- **Exercise details**
Drop every picture, then print the rest of the listing exactly as given.

---------- Recorded data

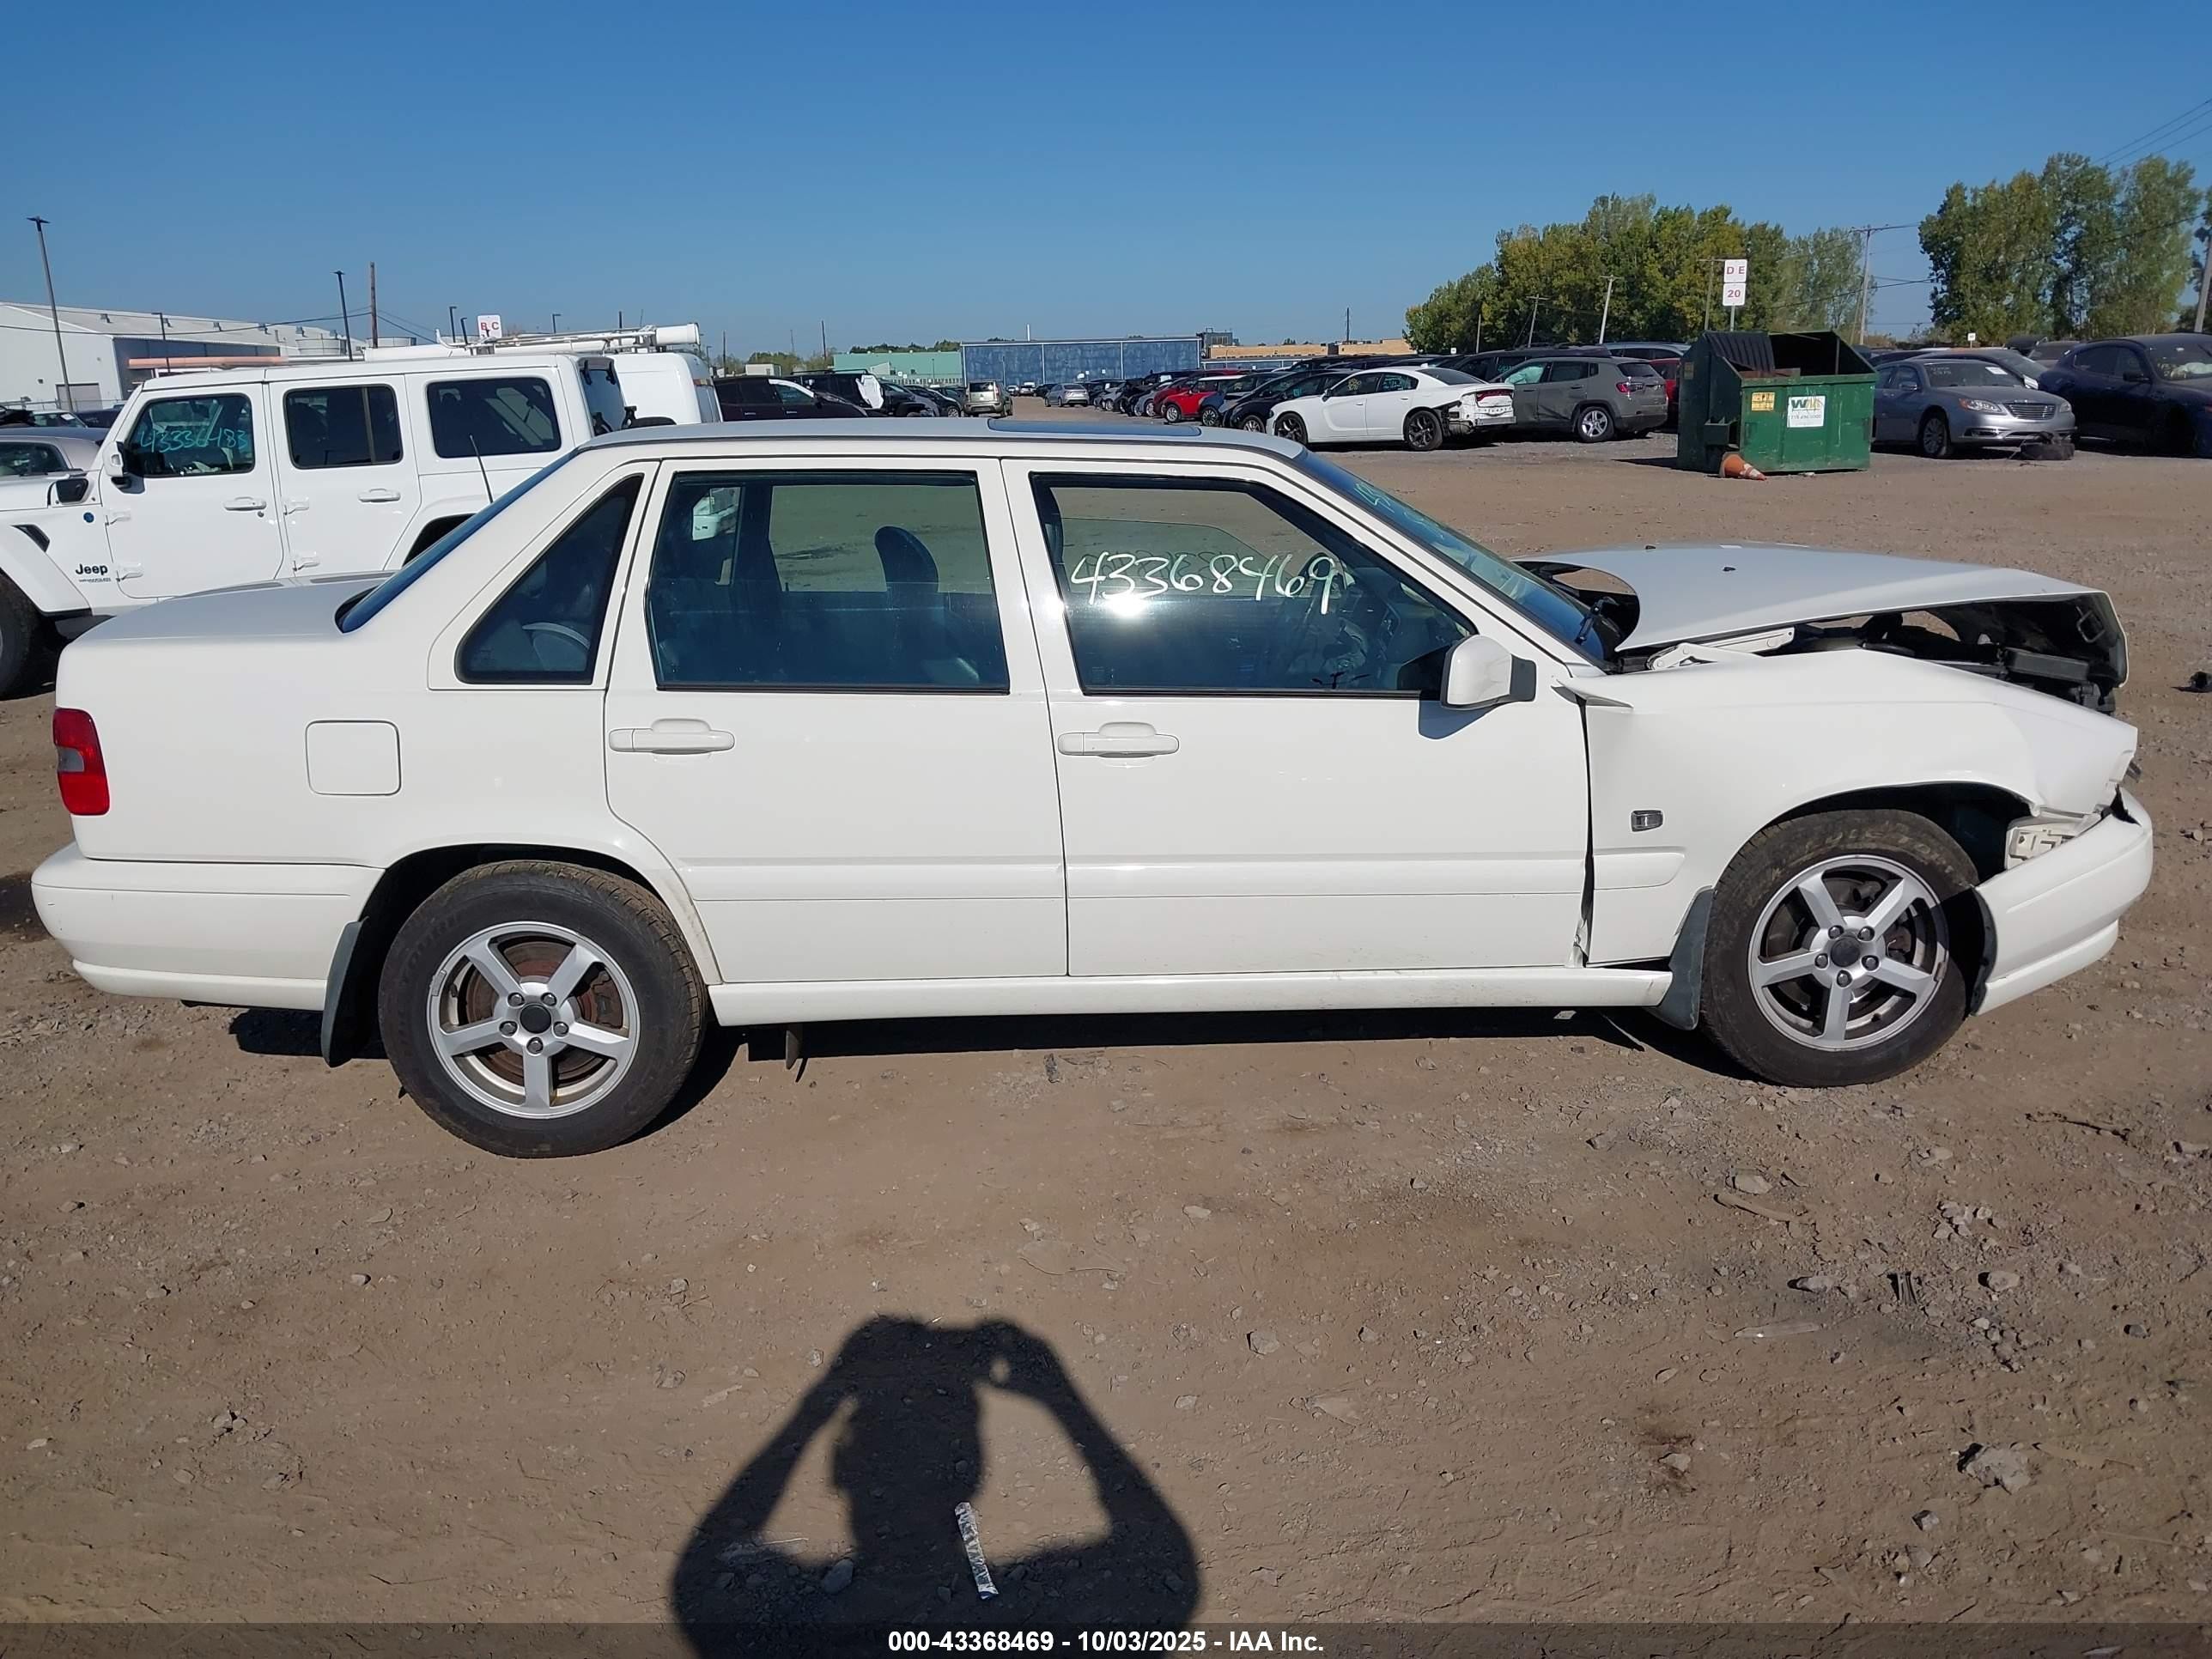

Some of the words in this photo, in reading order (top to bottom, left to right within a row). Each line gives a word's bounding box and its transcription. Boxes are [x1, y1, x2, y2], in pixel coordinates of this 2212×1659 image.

[1727, 266, 1735, 275] D
[1738, 266, 1745, 275] E
[1728, 289, 1741, 298] 20
[75, 563, 108, 576] Jeep
[1070, 550, 1338, 616] 43368469
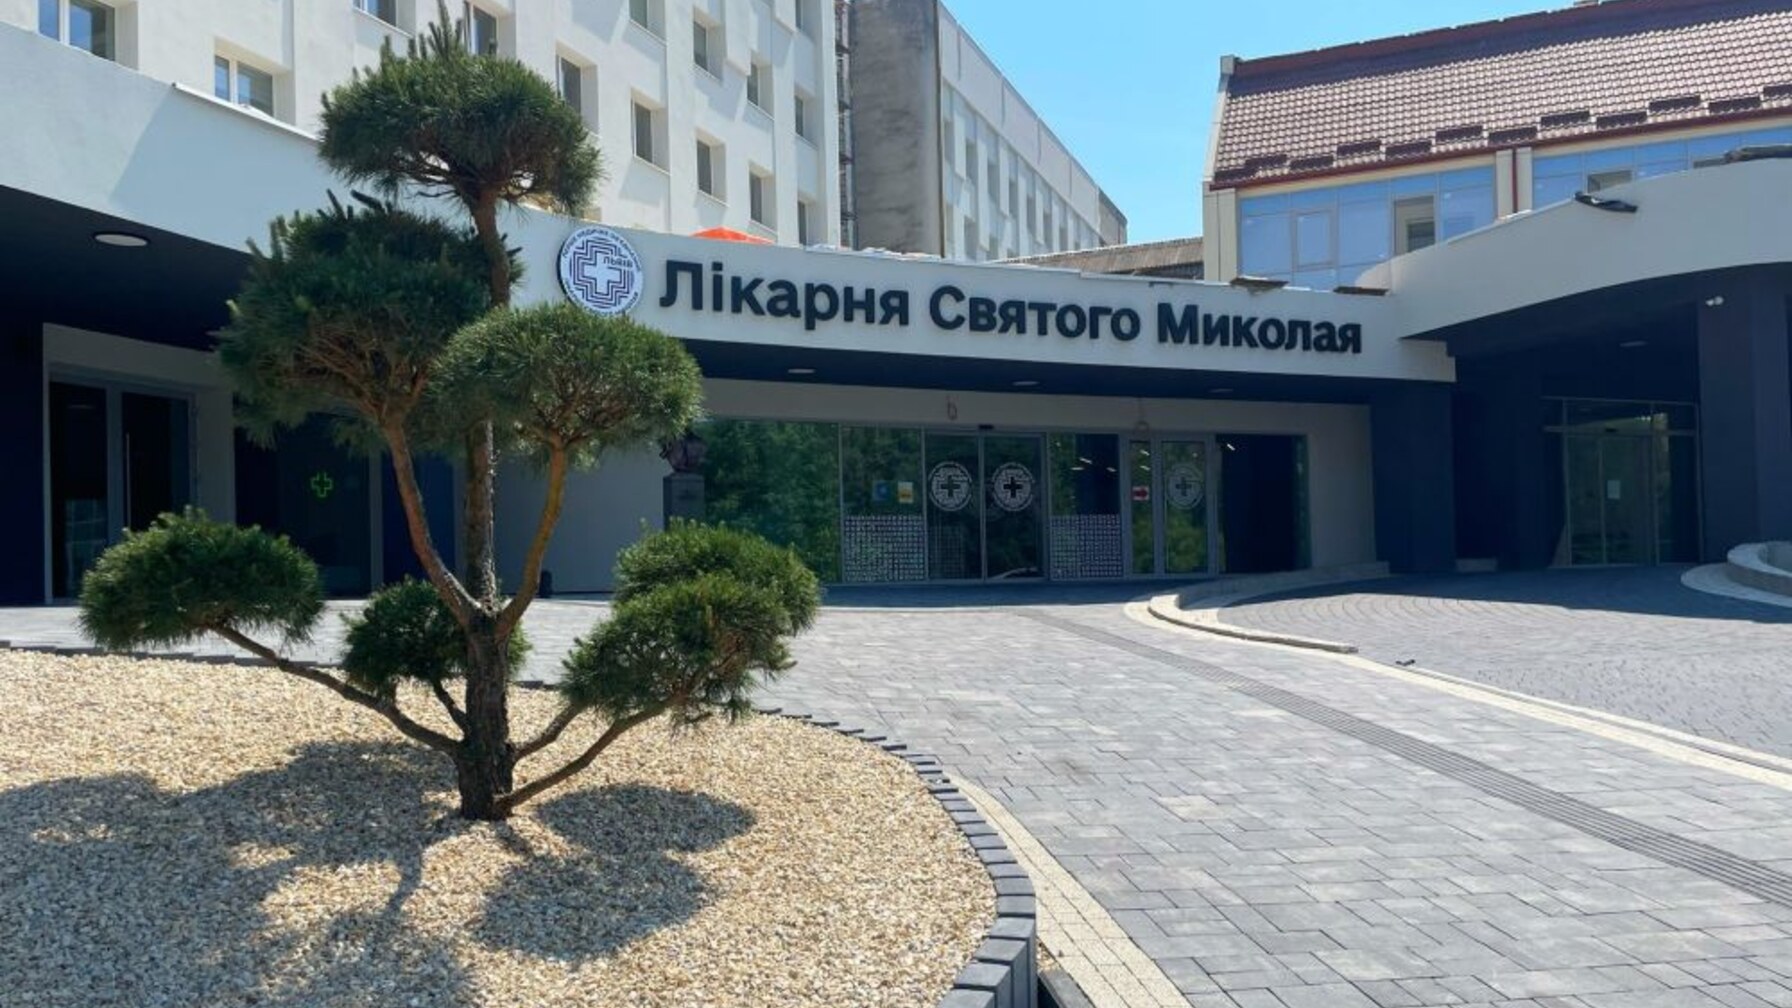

--------------------

- **Exercise solution**
Some of the words in this photo, in reading order (top to bottom, left to right within a row). Each line gives a word's bounding box and its transcription. Boxes are [x1, y1, x2, y2], in pixel coordinates of this 2212×1659 image.

[1727, 266, 1735, 275] D
[1738, 266, 1745, 275] E
[1728, 289, 1741, 298] 20
[75, 563, 108, 576] Jeep
[1070, 550, 1338, 616] 43368469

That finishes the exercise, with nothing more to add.